Friday, April 04, 2008

In the country of the blind

An article in today’s International Herald Tribune once again quotes Henry Kissinger’s fatuous comment about wanting one number to phone Europe and shows that neither the journalist in question nor numerous other people on both sides of the Atlantic have understood the EU any more than the former Secretary of State did in the 1970s.

A poll conducted online from January 10 to January 21 by Harris Interactive, in partnership with France 24 and the Trib itself asked 6,676 adults in Britain, France, Germany, Spain, Italy and the United States asked a number of questions, not least who they thought was the person whose phone number every American Secretary of State should have.
When asked what country is the leader of Europe today, a majority of Germans, perhaps unsurprisingly, picked Germany: 57 percent, the same figure as among Spaniards. Among the French, that figure rose to an astonishing 68 percent. The Italians and British were divided on the question between Germany and Britain.

On the other side of the Atlantic, 63 percent of Americans saw Britain as Europe's leading nation.

Looking to the future, the breakdown was roughly the same across the board when people from the six nations were asked about which country will have the most influence in Europe over the next decade.

When asked about political personalities, Europeans chose Merkel, the chancellor of Germany, as No. 1, with President Nicolas Sarkozy of France as a distant second choice. Americans, by contrast, named Brown, the prime minister of Britain, as most influential.
The basis of that assertion is a clear misunderstanding of what is happening in Europe. The aim of the ongoing process is to create a completely new political structure – this has already happened to some extent – in which individual member states and their leaders are not actually going to have any great influence at all.

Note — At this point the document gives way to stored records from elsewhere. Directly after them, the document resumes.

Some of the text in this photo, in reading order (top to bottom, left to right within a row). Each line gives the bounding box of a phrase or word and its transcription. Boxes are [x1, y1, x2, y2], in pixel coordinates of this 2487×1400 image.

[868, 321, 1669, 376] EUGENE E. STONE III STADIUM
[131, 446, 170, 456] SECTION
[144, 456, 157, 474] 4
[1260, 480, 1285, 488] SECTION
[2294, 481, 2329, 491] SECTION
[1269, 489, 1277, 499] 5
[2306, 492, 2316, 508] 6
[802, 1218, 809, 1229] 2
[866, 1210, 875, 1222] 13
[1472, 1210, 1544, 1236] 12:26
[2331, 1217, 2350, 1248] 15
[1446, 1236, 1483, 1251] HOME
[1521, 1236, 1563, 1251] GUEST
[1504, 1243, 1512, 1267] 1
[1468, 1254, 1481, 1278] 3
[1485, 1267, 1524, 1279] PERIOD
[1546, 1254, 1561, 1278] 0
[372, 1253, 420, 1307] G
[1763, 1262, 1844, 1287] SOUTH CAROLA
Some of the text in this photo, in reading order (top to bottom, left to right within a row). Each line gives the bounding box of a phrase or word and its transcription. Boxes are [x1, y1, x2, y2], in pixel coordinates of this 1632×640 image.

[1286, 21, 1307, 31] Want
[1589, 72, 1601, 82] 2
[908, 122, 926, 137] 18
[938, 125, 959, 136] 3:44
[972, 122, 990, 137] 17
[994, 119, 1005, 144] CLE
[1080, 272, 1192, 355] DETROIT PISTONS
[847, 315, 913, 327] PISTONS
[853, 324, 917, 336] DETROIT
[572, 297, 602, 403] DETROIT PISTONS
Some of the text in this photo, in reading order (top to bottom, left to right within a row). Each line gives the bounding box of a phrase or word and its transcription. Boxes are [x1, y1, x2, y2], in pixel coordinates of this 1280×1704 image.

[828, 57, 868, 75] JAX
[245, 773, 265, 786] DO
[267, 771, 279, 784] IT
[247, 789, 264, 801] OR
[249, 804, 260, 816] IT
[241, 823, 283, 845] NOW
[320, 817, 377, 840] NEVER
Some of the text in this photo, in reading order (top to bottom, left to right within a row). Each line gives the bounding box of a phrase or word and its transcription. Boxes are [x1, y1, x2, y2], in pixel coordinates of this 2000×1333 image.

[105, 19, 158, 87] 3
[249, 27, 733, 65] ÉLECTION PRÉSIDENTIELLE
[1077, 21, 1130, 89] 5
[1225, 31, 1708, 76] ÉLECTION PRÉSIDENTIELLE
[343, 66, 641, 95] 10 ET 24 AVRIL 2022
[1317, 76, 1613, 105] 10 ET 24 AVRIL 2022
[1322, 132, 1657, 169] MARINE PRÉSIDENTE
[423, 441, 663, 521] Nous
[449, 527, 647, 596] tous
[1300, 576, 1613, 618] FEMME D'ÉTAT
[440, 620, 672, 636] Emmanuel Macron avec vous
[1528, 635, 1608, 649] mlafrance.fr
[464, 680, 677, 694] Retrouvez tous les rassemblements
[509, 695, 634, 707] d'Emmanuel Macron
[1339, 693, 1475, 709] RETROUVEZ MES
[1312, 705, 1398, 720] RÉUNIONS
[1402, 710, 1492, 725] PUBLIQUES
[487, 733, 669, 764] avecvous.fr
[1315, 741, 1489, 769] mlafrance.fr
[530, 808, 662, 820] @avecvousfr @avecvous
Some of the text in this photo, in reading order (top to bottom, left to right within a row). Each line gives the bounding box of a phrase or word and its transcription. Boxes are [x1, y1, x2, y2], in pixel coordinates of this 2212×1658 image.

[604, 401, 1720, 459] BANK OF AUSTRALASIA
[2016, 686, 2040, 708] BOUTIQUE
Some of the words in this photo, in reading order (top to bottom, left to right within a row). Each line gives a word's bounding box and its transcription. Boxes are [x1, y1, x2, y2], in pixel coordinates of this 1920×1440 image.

Any discussion as to what Europe’s future might be has to start with that and to ask whether it is what the people of Europe and its countries want. It is reasonably clear even from the poll that whenever there is a clear proposal for political integration, such as the creation of a European president, there is opposition.

For all of that, the article and the two experts it quotes, two European (whatever that may mean) political bloggers, Jan Seifert and Jon Worth, whose site “whodoicall.eu, has a petition calling for a merger of the two presidencies”, the two being the envisaged European president and the remaining Commission president.

Mind you, that petition is considerably more logical than the endless supposedly eurosceptic ones that call for the abolition of European Parliament’s sittings in Strasbourg. Messrs Seifert and Worth do not exactly hide their sympathies, though the article does not mention that the former is the president of JEF-Europe (Young European Federalists and the latter was that in the past, as well as being a member of the Labour Party and having experience in various NGOs, but you can’t have everything.

It is, therefore, unfortunate that their views are seen as an objective analysis by a newspaper that claims some objectivity in the matter, even if that objectivity extends only to a discussion of what the best way is of overcoming or circumventing doubts about the way the European Union is developing.

The full results are supposedly here but I am finding it hard to open the pdf.